Saved entries
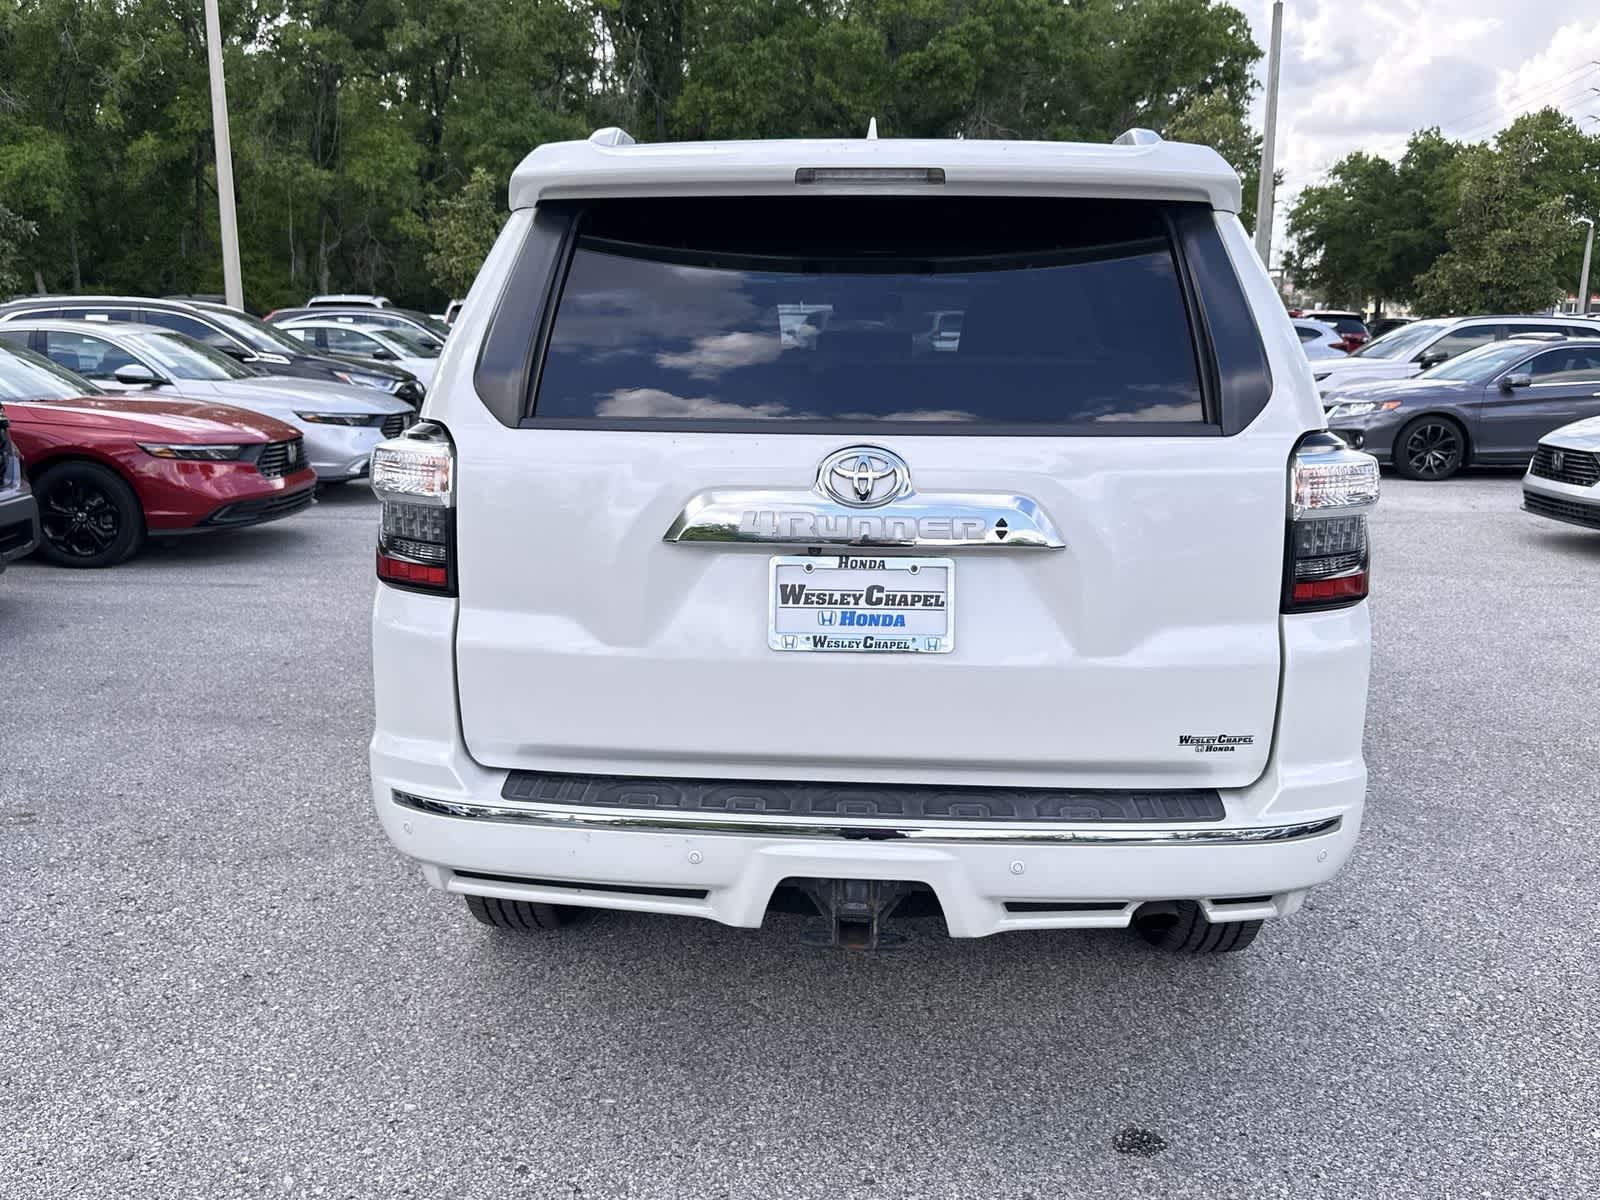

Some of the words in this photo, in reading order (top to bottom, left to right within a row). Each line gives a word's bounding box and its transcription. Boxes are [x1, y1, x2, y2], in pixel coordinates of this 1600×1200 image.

[838, 556, 887, 569] HONDA
[779, 583, 864, 607] WESLEY
[865, 584, 945, 608] CHAPEL
[839, 611, 906, 627] HONDA
[812, 635, 862, 649] WESLEY
[862, 636, 910, 650] CHAPEL
[1179, 735, 1217, 744] WESLEY
[1217, 734, 1254, 744] CHAPEL
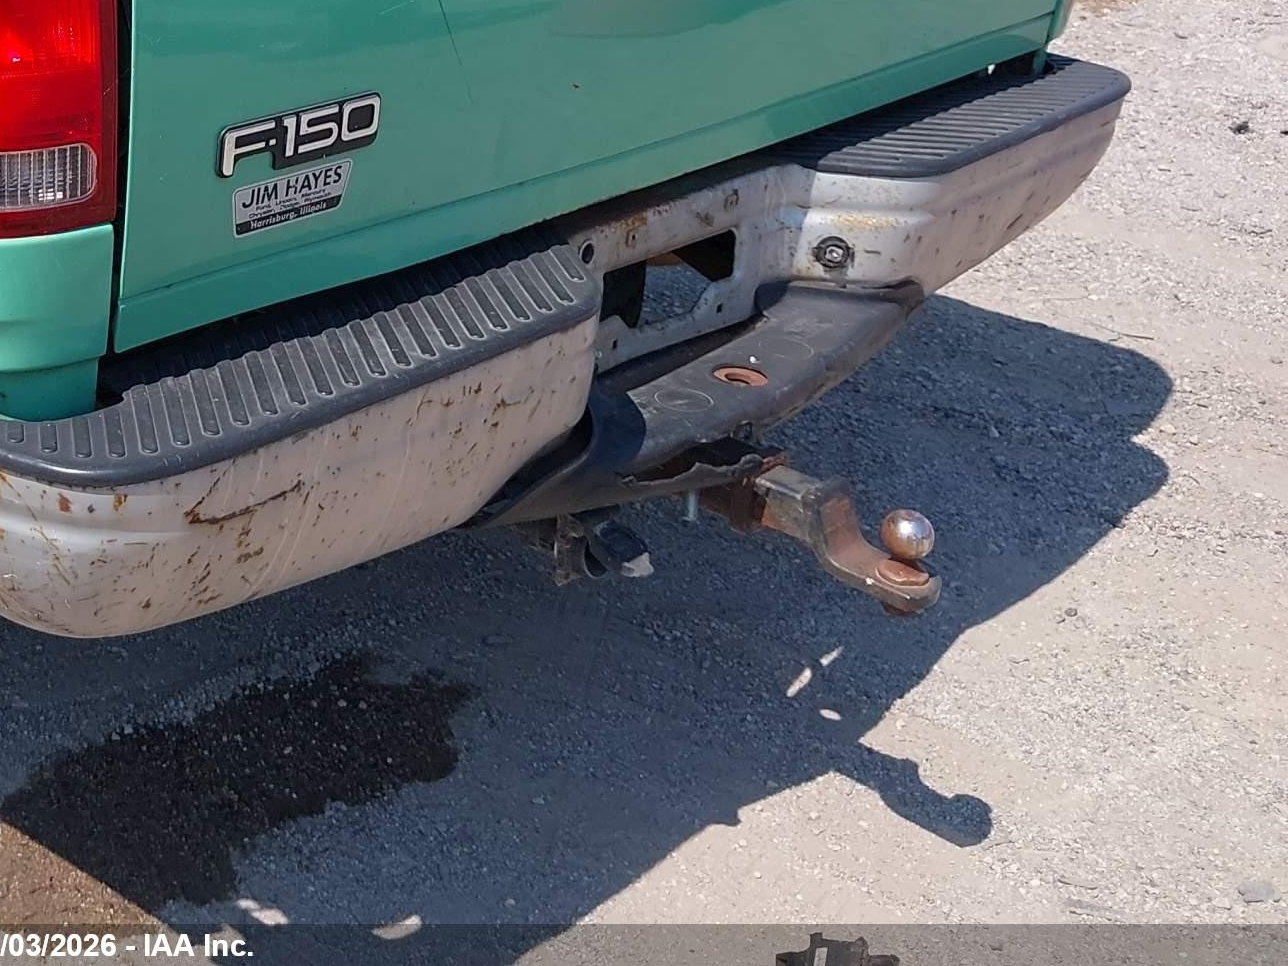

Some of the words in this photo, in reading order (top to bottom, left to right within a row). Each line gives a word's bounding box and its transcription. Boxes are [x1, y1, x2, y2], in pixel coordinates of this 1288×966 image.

▶ [PROMPT]
All of the entries must be reproduced exactly, apart from the pictures, which are to be dropped.

▶ [WRITTEN RESPONSE]
Some of the words in this photo, in reading order (top to bottom, left to right within a row). Each line gives a word's bounding box and its transcription. Boxes are [x1, y1, x2, y2], in pixel coordinates of this 1600×1200 image.

[838, 556, 887, 569] HONDA
[779, 583, 864, 607] WESLEY
[865, 584, 945, 608] CHAPEL
[839, 611, 906, 627] HONDA
[812, 635, 862, 649] WESLEY
[862, 636, 910, 650] CHAPEL
[1179, 735, 1217, 744] WESLEY
[1217, 734, 1254, 744] CHAPEL

Some of the words in this photo, in reading order (top to bottom, left to right within a row). Each line gives a word's bounding box and its transcription. Boxes are [x1, y1, x2, y2], in pixel coordinates of this 1288×966 image.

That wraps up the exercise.